───── Data to process ─────
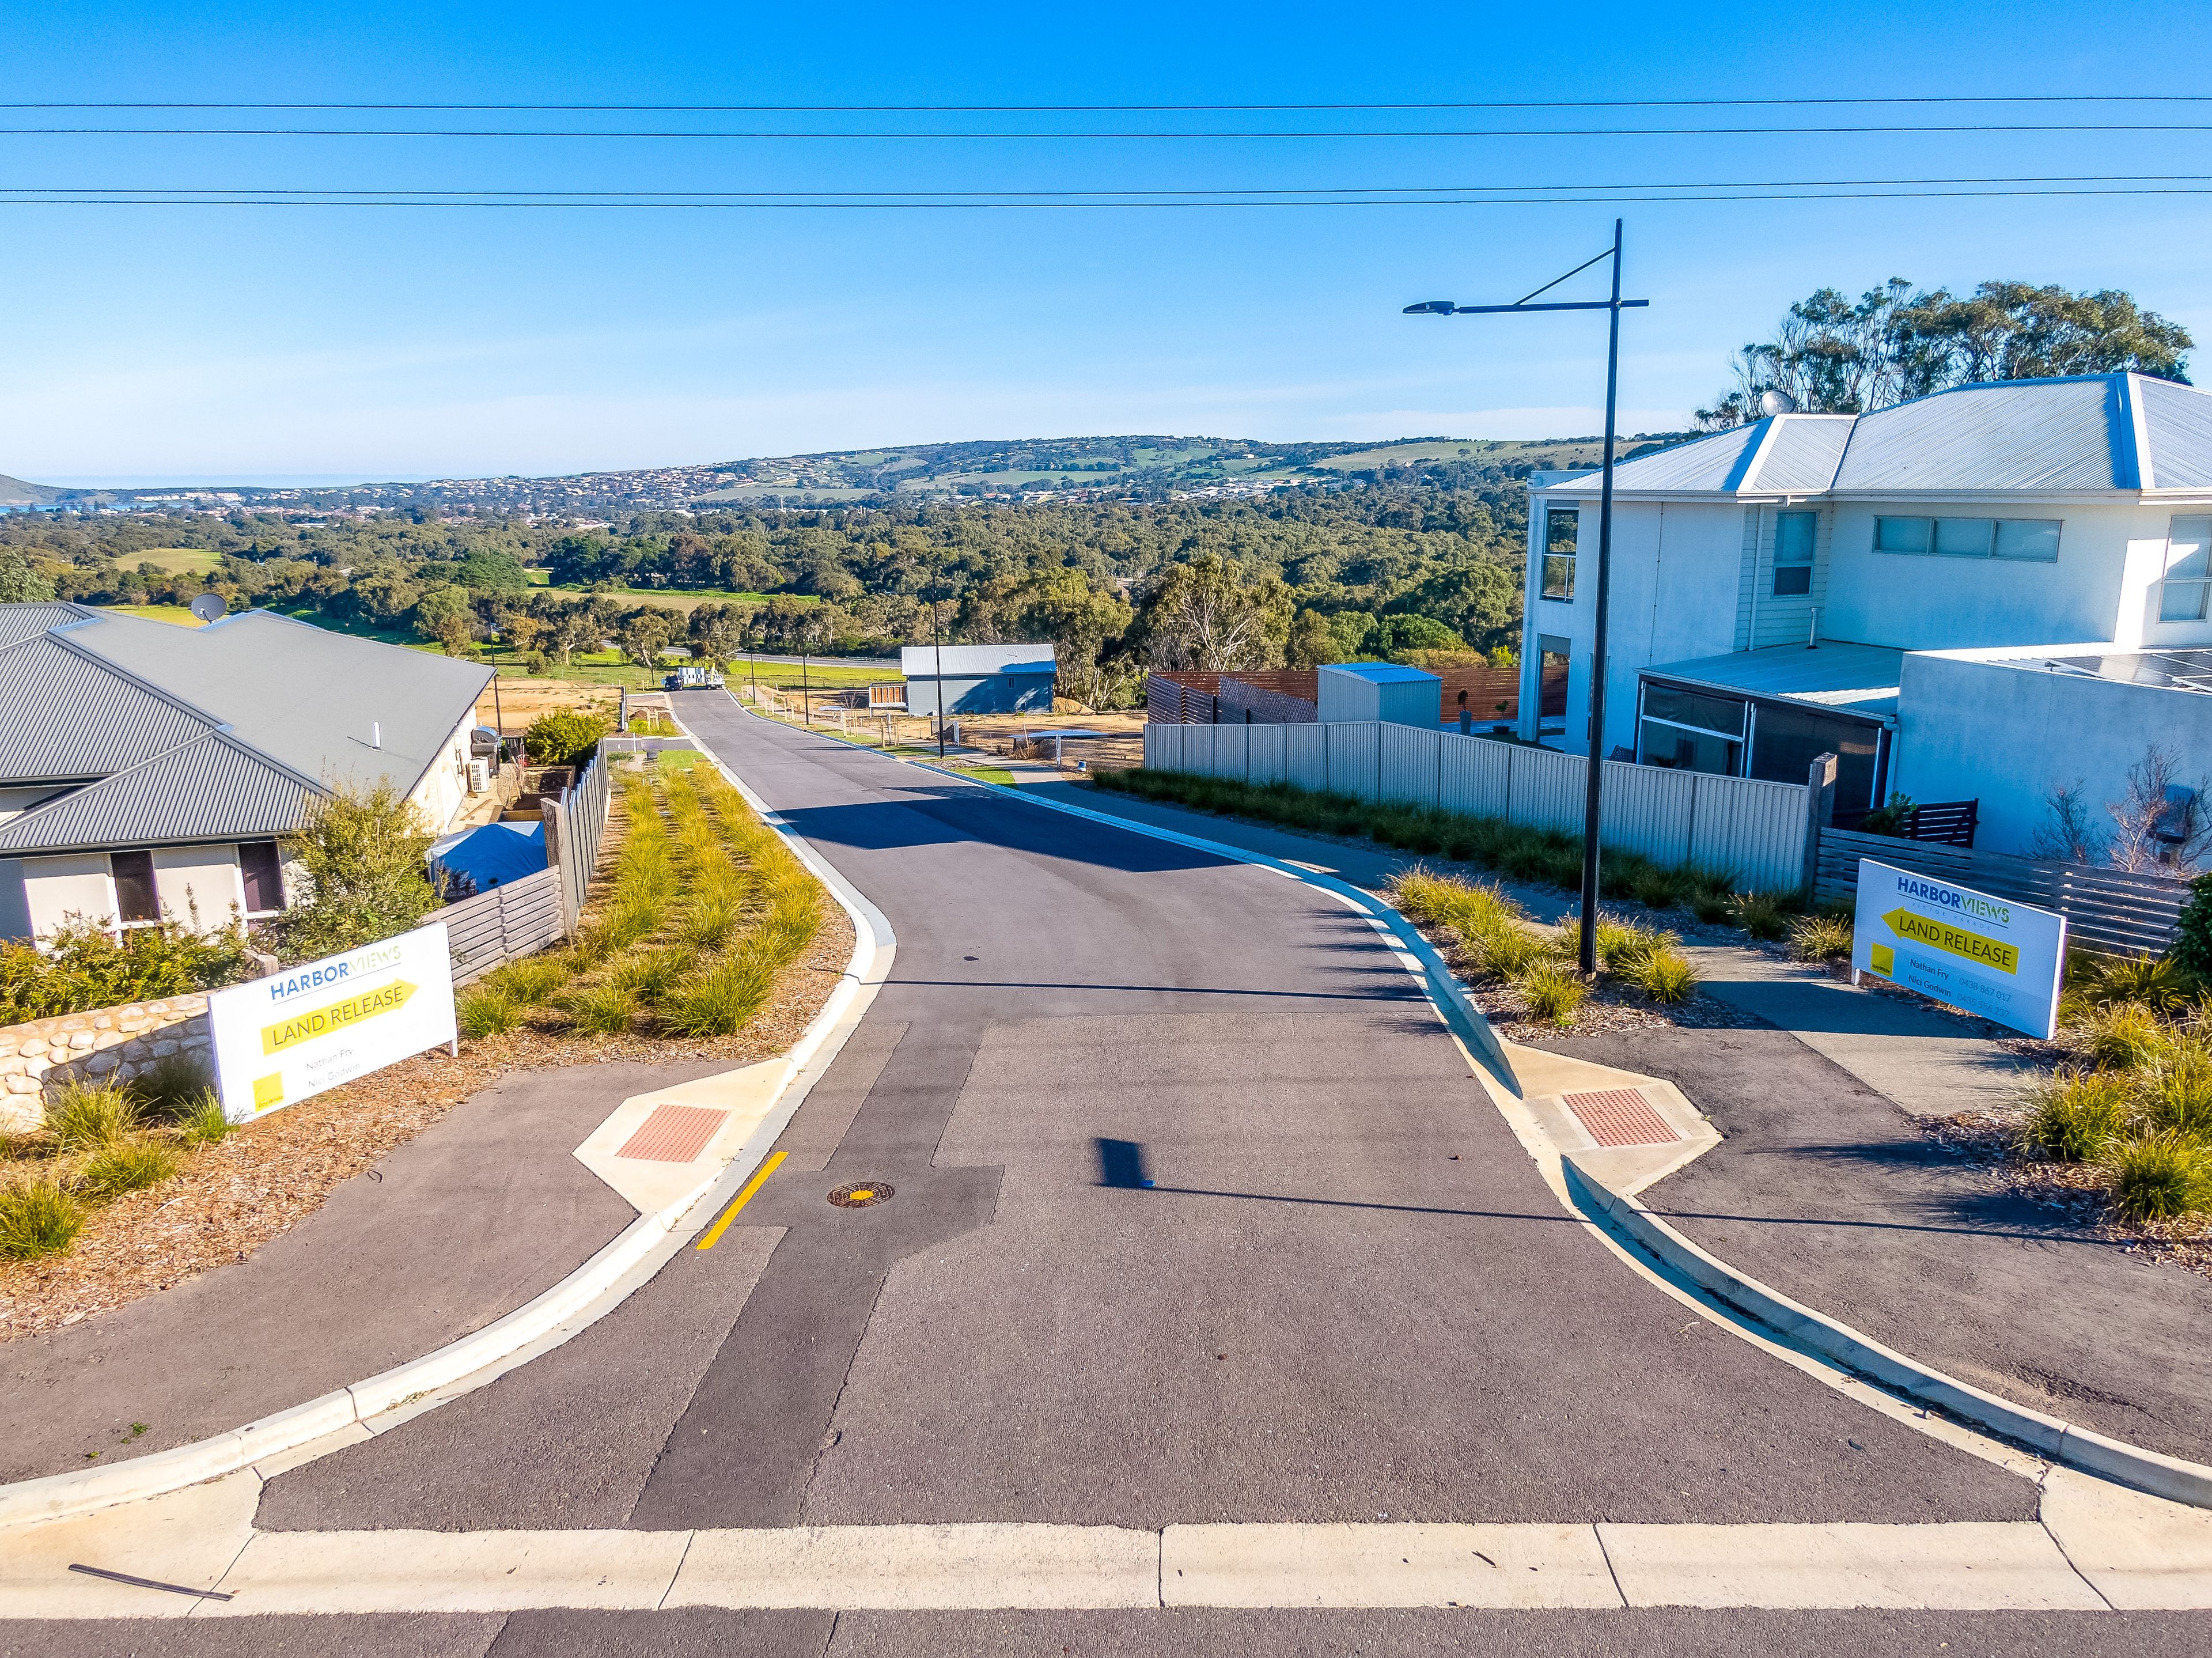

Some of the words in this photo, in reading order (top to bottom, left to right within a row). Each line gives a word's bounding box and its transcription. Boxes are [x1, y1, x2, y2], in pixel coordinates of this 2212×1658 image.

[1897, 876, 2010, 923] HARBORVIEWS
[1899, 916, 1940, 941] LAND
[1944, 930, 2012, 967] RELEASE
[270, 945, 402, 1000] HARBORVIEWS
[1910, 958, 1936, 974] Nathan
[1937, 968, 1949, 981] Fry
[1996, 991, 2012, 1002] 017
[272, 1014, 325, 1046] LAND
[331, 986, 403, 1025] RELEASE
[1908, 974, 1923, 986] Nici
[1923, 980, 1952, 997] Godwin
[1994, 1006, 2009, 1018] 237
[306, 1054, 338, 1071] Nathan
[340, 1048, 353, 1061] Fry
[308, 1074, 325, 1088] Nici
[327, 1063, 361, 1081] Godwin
─────
— What to do —
Restate the records above word for word. Skip every picture.

— Solution below —
Some of the words in this photo, in reading order (top to bottom, left to right within a row). Each line gives a word's bounding box and its transcription. Boxes are [x1, y1, x2, y2], in pixel coordinates of this 2212×1658 image.

[1897, 876, 2010, 923] HARBORVIEWS
[1899, 916, 1940, 941] LAND
[1944, 930, 2012, 967] RELEASE
[270, 945, 402, 1000] HARBORVIEWS
[1910, 958, 1936, 974] Nathan
[1937, 968, 1949, 981] Fry
[1996, 991, 2012, 1002] 017
[272, 1014, 325, 1046] LAND
[331, 986, 403, 1025] RELEASE
[1908, 974, 1923, 986] Nici
[1923, 980, 1952, 997] Godwin
[1994, 1006, 2009, 1018] 237
[306, 1054, 338, 1071] Nathan
[340, 1048, 353, 1061] Fry
[308, 1074, 325, 1088] Nici
[327, 1063, 361, 1081] Godwin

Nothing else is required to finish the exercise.